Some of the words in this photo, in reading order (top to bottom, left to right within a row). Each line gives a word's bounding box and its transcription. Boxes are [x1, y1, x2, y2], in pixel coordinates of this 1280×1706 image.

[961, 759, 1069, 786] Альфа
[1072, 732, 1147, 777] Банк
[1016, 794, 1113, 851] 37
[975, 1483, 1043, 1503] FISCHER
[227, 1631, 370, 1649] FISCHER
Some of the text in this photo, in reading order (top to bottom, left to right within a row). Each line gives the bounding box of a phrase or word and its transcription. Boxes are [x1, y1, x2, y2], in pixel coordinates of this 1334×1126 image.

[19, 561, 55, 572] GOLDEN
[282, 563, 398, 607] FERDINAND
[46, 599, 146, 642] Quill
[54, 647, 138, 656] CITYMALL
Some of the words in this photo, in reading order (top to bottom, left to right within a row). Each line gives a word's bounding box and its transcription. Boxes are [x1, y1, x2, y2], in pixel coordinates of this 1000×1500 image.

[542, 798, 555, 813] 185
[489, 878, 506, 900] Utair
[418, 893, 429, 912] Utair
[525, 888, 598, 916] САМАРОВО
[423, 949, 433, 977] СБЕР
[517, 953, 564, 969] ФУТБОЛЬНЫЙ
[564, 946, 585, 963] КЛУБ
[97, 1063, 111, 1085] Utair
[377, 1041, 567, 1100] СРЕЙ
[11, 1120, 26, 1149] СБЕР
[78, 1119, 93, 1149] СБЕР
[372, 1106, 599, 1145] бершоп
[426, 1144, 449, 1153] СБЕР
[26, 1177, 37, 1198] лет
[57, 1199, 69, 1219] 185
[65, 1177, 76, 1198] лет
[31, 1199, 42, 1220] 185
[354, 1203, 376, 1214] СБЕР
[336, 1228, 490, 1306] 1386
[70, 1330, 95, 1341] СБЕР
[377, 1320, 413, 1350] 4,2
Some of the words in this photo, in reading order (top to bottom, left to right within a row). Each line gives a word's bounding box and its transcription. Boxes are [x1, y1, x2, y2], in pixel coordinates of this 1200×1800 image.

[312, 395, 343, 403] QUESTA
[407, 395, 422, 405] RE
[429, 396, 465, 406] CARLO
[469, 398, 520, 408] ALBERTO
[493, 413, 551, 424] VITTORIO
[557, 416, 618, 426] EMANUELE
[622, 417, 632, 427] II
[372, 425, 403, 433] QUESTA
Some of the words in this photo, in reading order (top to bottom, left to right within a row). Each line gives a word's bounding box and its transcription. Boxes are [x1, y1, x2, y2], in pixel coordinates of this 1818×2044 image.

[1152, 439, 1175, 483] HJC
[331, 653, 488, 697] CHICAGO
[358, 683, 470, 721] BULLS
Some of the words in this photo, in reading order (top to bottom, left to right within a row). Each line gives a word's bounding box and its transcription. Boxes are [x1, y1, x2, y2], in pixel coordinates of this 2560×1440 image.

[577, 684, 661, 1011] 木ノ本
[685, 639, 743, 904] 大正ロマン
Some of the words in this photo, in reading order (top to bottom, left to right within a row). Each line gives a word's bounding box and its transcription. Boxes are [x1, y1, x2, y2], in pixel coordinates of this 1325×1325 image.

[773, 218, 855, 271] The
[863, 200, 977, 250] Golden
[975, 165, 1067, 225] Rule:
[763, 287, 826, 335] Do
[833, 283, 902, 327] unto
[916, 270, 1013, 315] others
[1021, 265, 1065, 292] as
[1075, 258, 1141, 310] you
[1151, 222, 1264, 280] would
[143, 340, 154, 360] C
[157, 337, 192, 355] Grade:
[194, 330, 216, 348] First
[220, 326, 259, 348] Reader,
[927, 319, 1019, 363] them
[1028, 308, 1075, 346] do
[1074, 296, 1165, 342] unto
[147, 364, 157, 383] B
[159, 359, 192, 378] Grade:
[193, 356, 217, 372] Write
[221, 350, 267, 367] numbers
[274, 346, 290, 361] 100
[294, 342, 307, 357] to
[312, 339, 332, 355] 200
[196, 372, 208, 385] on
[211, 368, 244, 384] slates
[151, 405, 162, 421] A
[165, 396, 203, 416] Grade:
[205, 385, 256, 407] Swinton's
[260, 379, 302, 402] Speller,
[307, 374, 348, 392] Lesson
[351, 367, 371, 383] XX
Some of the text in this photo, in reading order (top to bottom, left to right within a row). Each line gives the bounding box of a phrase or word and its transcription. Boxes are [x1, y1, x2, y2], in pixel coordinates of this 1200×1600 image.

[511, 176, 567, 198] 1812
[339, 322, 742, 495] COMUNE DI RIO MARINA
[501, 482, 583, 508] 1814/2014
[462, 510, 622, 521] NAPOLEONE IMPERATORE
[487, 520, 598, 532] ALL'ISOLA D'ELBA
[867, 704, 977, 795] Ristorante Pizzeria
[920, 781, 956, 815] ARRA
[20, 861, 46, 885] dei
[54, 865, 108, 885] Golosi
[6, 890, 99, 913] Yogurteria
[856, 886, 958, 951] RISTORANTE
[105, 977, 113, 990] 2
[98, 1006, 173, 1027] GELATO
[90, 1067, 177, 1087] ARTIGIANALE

■ **What is being asked**:
Transcribe all the material, making sure each line matches the original.

■ **Solution to this task**:
Some of the words in this photo, in reading order (top to bottom, left to right within a row). Each line gives a word's bounding box and its transcription. Boxes are [x1, y1, x2, y2], in pixel coordinates of this 1280×1706 image.

[961, 759, 1069, 786] Альфа
[1072, 732, 1147, 777] Банк
[1016, 794, 1113, 851] 37
[975, 1483, 1043, 1503] FISCHER
[227, 1631, 370, 1649] FISCHER
Some of the text in this photo, in reading order (top to bottom, left to right within a row). Each line gives the bounding box of a phrase or word and its transcription. Boxes are [x1, y1, x2, y2], in pixel coordinates of this 1334×1126 image.

[19, 561, 55, 572] GOLDEN
[282, 563, 398, 607] FERDINAND
[46, 599, 146, 642] Quill
[54, 647, 138, 656] CITYMALL
Some of the words in this photo, in reading order (top to bottom, left to right within a row). Each line gives a word's bounding box and its transcription. Boxes are [x1, y1, x2, y2], in pixel coordinates of this 1000×1500 image.

[542, 798, 555, 813] 185
[489, 878, 506, 900] Utair
[418, 893, 429, 912] Utair
[525, 888, 598, 916] САМАРОВО
[423, 949, 433, 977] СБЕР
[517, 953, 564, 969] ФУТБОЛЬНЫЙ
[564, 946, 585, 963] КЛУБ
[97, 1063, 111, 1085] Utair
[377, 1041, 567, 1100] СРЕЙ
[11, 1120, 26, 1149] СБЕР
[78, 1119, 93, 1149] СБЕР
[372, 1106, 599, 1145] бершоп
[426, 1144, 449, 1153] СБЕР
[26, 1177, 37, 1198] лет
[57, 1199, 69, 1219] 185
[65, 1177, 76, 1198] лет
[31, 1199, 42, 1220] 185
[354, 1203, 376, 1214] СБЕР
[336, 1228, 490, 1306] 1386
[70, 1330, 95, 1341] СБЕР
[377, 1320, 413, 1350] 4,2
Some of the words in this photo, in reading order (top to bottom, left to right within a row). Each line gives a word's bounding box and its transcription. Boxes are [x1, y1, x2, y2], in pixel coordinates of this 1200×1800 image.

[312, 395, 343, 403] QUESTA
[407, 395, 422, 405] RE
[429, 396, 465, 406] CARLO
[469, 398, 520, 408] ALBERTO
[493, 413, 551, 424] VITTORIO
[557, 416, 618, 426] EMANUELE
[622, 417, 632, 427] II
[372, 425, 403, 433] QUESTA
Some of the words in this photo, in reading order (top to bottom, left to right within a row). Each line gives a word's bounding box and its transcription. Boxes are [x1, y1, x2, y2], in pixel coordinates of this 1818×2044 image.

[1152, 439, 1175, 483] HJC
[331, 653, 488, 697] CHICAGO
[358, 683, 470, 721] BULLS
Some of the words in this photo, in reading order (top to bottom, left to right within a row). Each line gives a word's bounding box and its transcription. Boxes are [x1, y1, x2, y2], in pixel coordinates of this 2560×1440 image.

[577, 684, 661, 1011] 木ノ本
[685, 639, 743, 904] 大正ロマン
Some of the words in this photo, in reading order (top to bottom, left to right within a row). Each line gives a word's bounding box and its transcription. Boxes are [x1, y1, x2, y2], in pixel coordinates of this 1325×1325 image.

[773, 218, 855, 271] The
[863, 200, 977, 250] Golden
[975, 165, 1067, 225] Rule:
[763, 287, 826, 335] Do
[833, 283, 902, 327] unto
[916, 270, 1013, 315] others
[1021, 265, 1065, 292] as
[1075, 258, 1141, 310] you
[1151, 222, 1264, 280] would
[143, 340, 154, 360] C
[157, 337, 192, 355] Grade:
[194, 330, 216, 348] First
[220, 326, 259, 348] Reader,
[927, 319, 1019, 363] them
[1028, 308, 1075, 346] do
[1074, 296, 1165, 342] unto
[147, 364, 157, 383] B
[159, 359, 192, 378] Grade:
[193, 356, 217, 372] Write
[221, 350, 267, 367] numbers
[274, 346, 290, 361] 100
[294, 342, 307, 357] to
[312, 339, 332, 355] 200
[196, 372, 208, 385] on
[211, 368, 244, 384] slates
[151, 405, 162, 421] A
[165, 396, 203, 416] Grade:
[205, 385, 256, 407] Swinton's
[260, 379, 302, 402] Speller,
[307, 374, 348, 392] Lesson
[351, 367, 371, 383] XX
Some of the text in this photo, in reading order (top to bottom, left to right within a row). Each line gives the bounding box of a phrase or word and its transcription. Boxes are [x1, y1, x2, y2], in pixel coordinates of this 1200×1600 image.

[511, 176, 567, 198] 1812
[339, 322, 742, 495] COMUNE DI RIO MARINA
[501, 482, 583, 508] 1814/2014
[462, 510, 622, 521] NAPOLEONE IMPERATORE
[487, 520, 598, 532] ALL'ISOLA D'ELBA
[867, 704, 977, 795] Ristorante Pizzeria
[920, 781, 956, 815] ARRA
[20, 861, 46, 885] dei
[54, 865, 108, 885] Golosi
[6, 890, 99, 913] Yogurteria
[856, 886, 958, 951] RISTORANTE
[105, 977, 113, 990] 2
[98, 1006, 173, 1027] GELATO
[90, 1067, 177, 1087] ARTIGIANALE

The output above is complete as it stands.